== Segment start ==

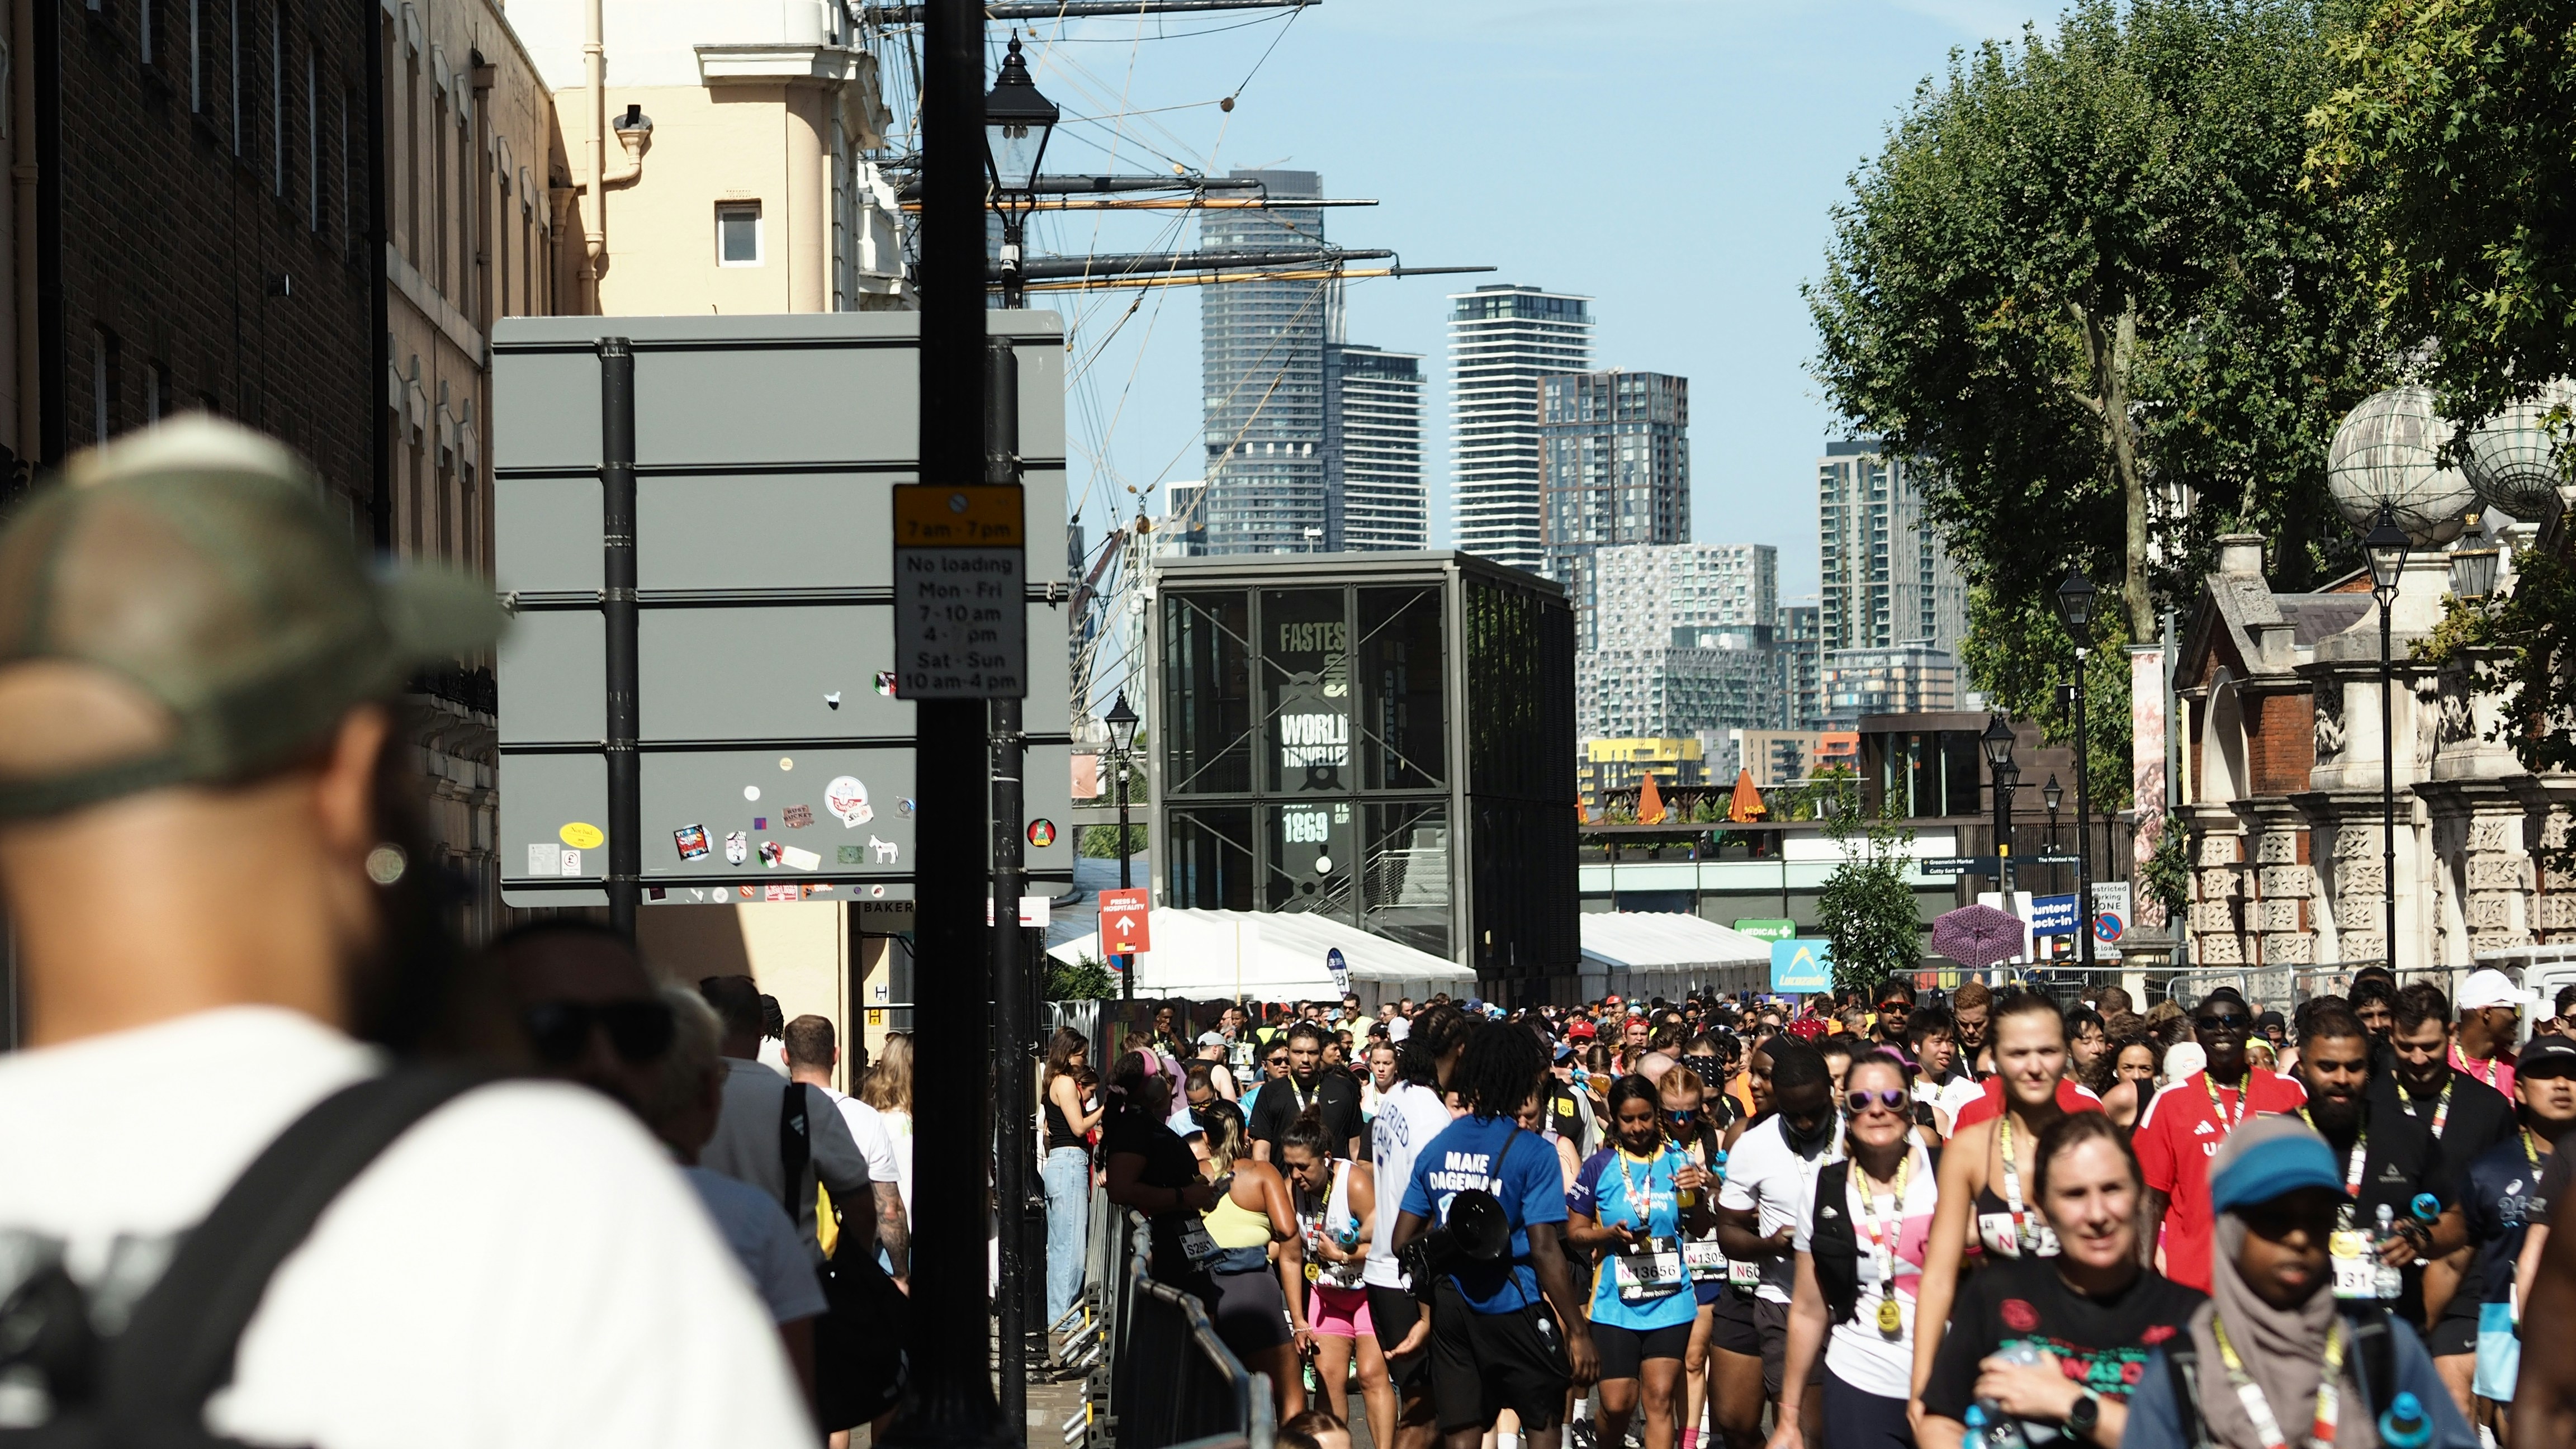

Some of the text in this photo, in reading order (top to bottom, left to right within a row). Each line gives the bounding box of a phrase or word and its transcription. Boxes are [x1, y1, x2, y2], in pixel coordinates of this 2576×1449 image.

[907, 556, 1014, 576] No loading
[918, 582, 960, 599] Mon
[976, 581, 1003, 599] Fri
[1280, 622, 1346, 652] FASTES
[917, 652, 950, 669] Sat
[967, 652, 1006, 669] Sun
[1281, 713, 1348, 745] WORLD
[1282, 812, 1328, 842] 1869
[864, 902, 913, 912] BAKER
[1104, 903, 1145, 912] HOSPITALITY
[2032, 903, 2072, 915] lunteer
[2099, 902, 2122, 910] ONE
[1740, 927, 1778, 936] MEDICAL
[1779, 974, 1826, 986] Lucozade
[1445, 1151, 1490, 1174] MAKE
[1429, 1171, 1503, 1197] DAGENHAM
[1621, 1265, 1676, 1280] N13656

== Segment end ==

HOW TO COMPLETE THIS TASK → Set down every line above exactly, pictures excluded.

OUTPUT OF THE TASK →
Some of the text in this photo, in reading order (top to bottom, left to right within a row). Each line gives the bounding box of a phrase or word and its transcription. Boxes are [x1, y1, x2, y2], in pixel coordinates of this 2576×1449 image.

[907, 556, 1014, 576] No loading
[918, 582, 960, 599] Mon
[976, 581, 1003, 599] Fri
[1280, 622, 1346, 652] FASTES
[917, 652, 950, 669] Sat
[967, 652, 1006, 669] Sun
[1281, 713, 1348, 745] WORLD
[1282, 812, 1328, 842] 1869
[864, 902, 913, 912] BAKER
[1104, 903, 1145, 912] HOSPITALITY
[2032, 903, 2072, 915] lunteer
[2099, 902, 2122, 910] ONE
[1740, 927, 1778, 936] MEDICAL
[1779, 974, 1826, 986] Lucozade
[1445, 1151, 1490, 1174] MAKE
[1429, 1171, 1503, 1197] DAGENHAM
[1621, 1265, 1676, 1280] N13656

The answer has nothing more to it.